Opinion
No. 352151
01-21-2021
In re ALNAZAL/ALWAHAMI, Minors.
If this opinion indicates that it is "FOR PUBLICATION," it is subject to revision until final publication in the Michigan Appeals Reports. UNPUBLISHED Wayne Circuit Court Family Division
LC No. 15-520656-NA Before: JANSEN, P.J., and SERVITTO and RIORDAN, JJ. PER CURIAM.
Respondent appeals by right the trial court's order terminating her parental rights to three of her minor children pursuant to MCL 712A.19b(3)(c)(i) (conditions that led to the adjudication continue to exist), (g) (proper care and custody), and (j) (risk of harm).
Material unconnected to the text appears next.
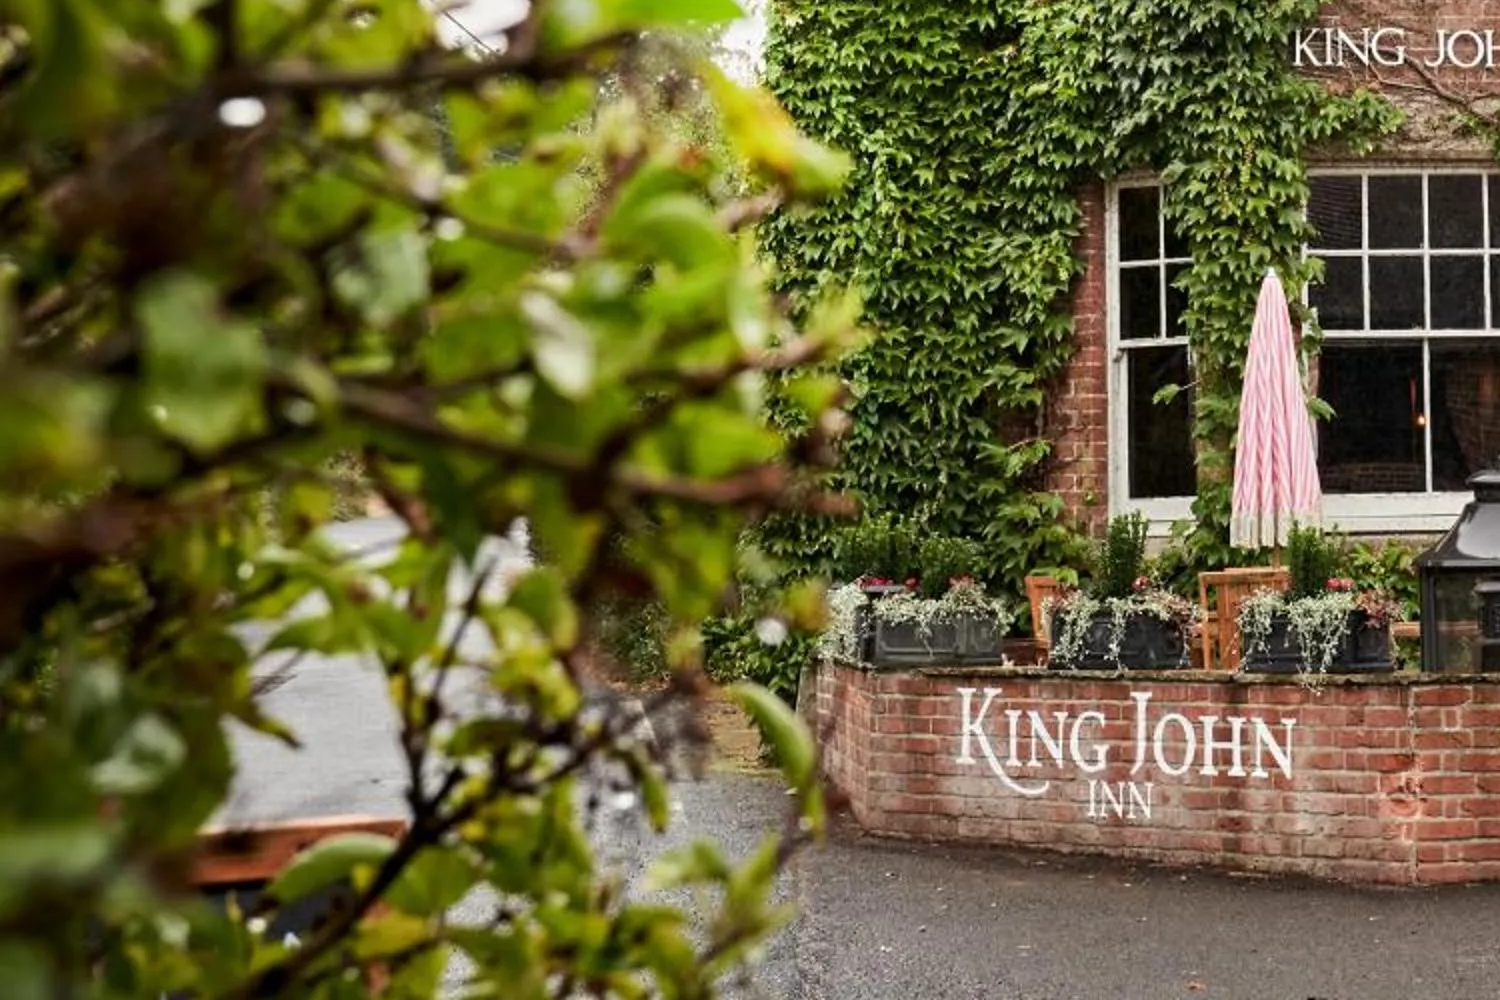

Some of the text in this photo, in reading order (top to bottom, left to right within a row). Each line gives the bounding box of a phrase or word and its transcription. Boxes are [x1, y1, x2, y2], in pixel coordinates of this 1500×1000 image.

[1292, 27, 1406, 67] KING
[955, 686, 1297, 795] KING JOHN
[1086, 779, 1155, 820] INN
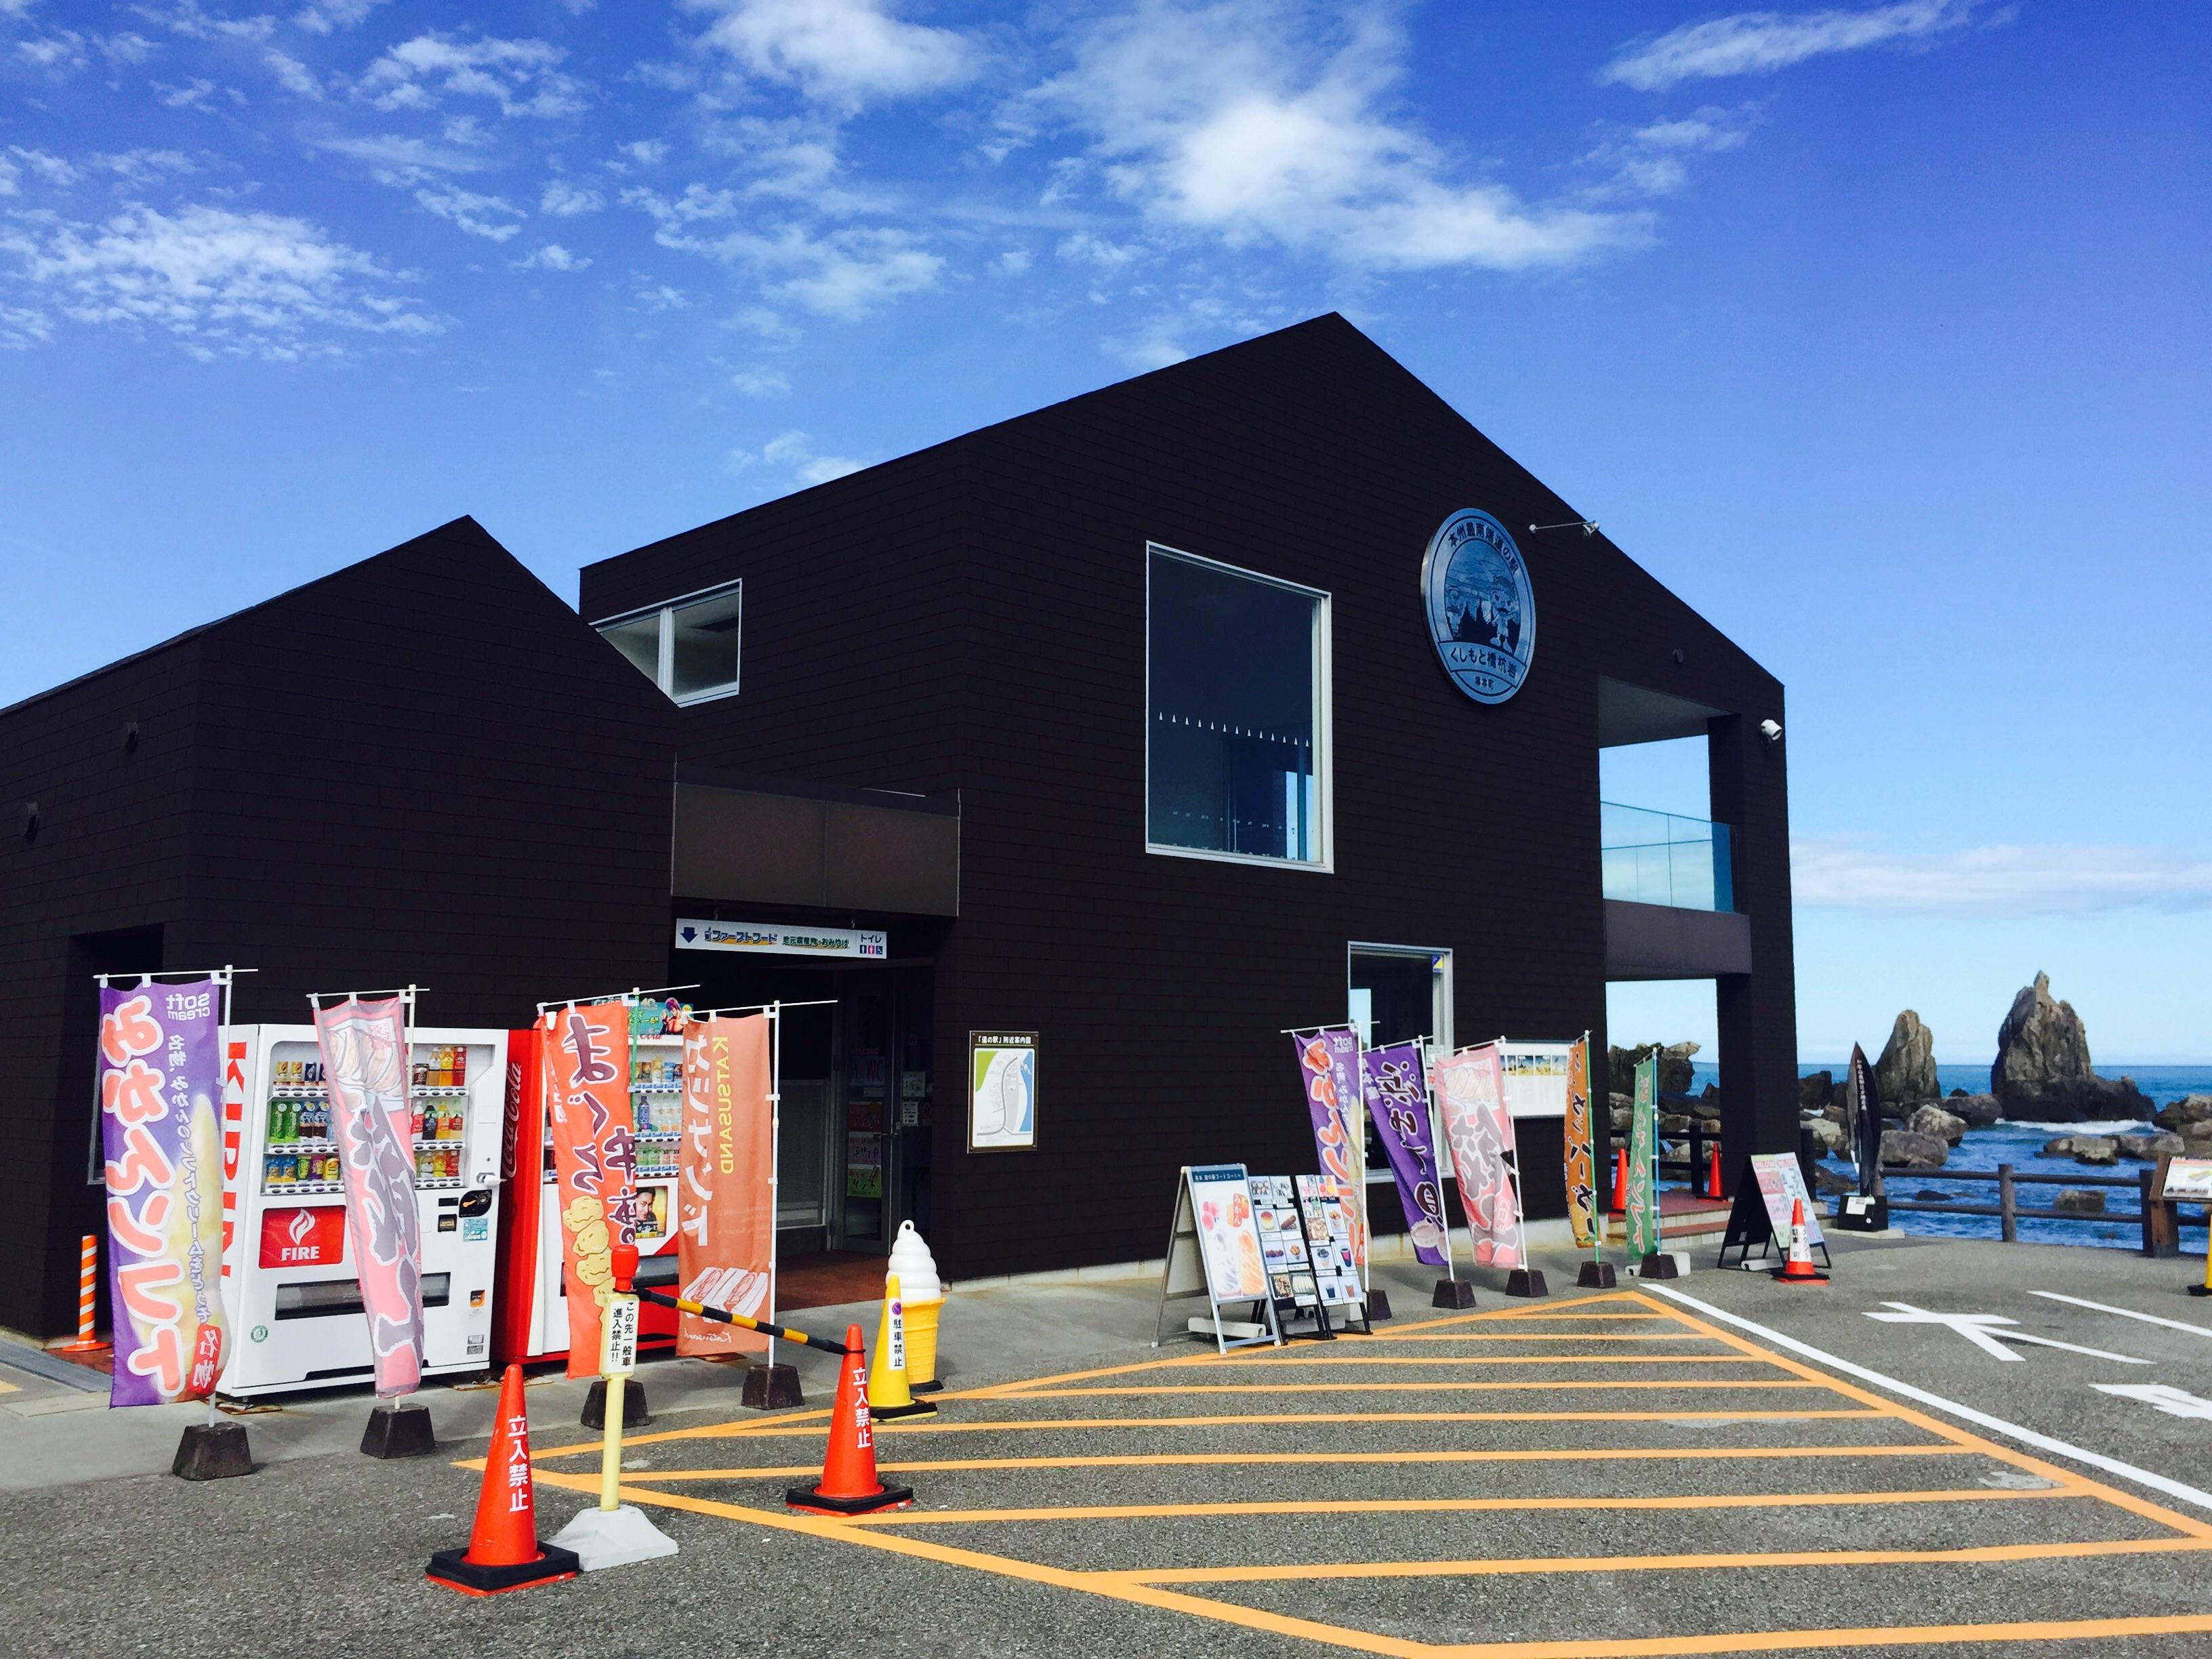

We affirm.
I. FACTS & PROCEDURAL HISTORY
Respondent gave birth to her first child, SA, a girl, in March 2012, when she was seventeen years old. During her pregnancy, her family sent her to Iraq to be married to SA's father. She returned home to give birth in America. She and SA moved in with respondent's mother, but soon thereafter, respondent's mother forced respondent to leave the home. Respondent and her husband, who did not want SA, divorced. Aside from $500 that respondent's husband sent her just after SA was born, he provided no financial assistance for respondent or SA. Because respondent had no means to care for SA on her own, she left SA with her mother and her mother and other family members prohibited her from visiting SA.
Respondent gave birth to her second child, MA, in July 2013. Thereafter, she married for a second time in 2014, and during the pendency of this action gave birth to her third child, RW, in 2015. RW is with his father, respondent's second husband, from whom respondent is separated, and who is not subject to this appeal.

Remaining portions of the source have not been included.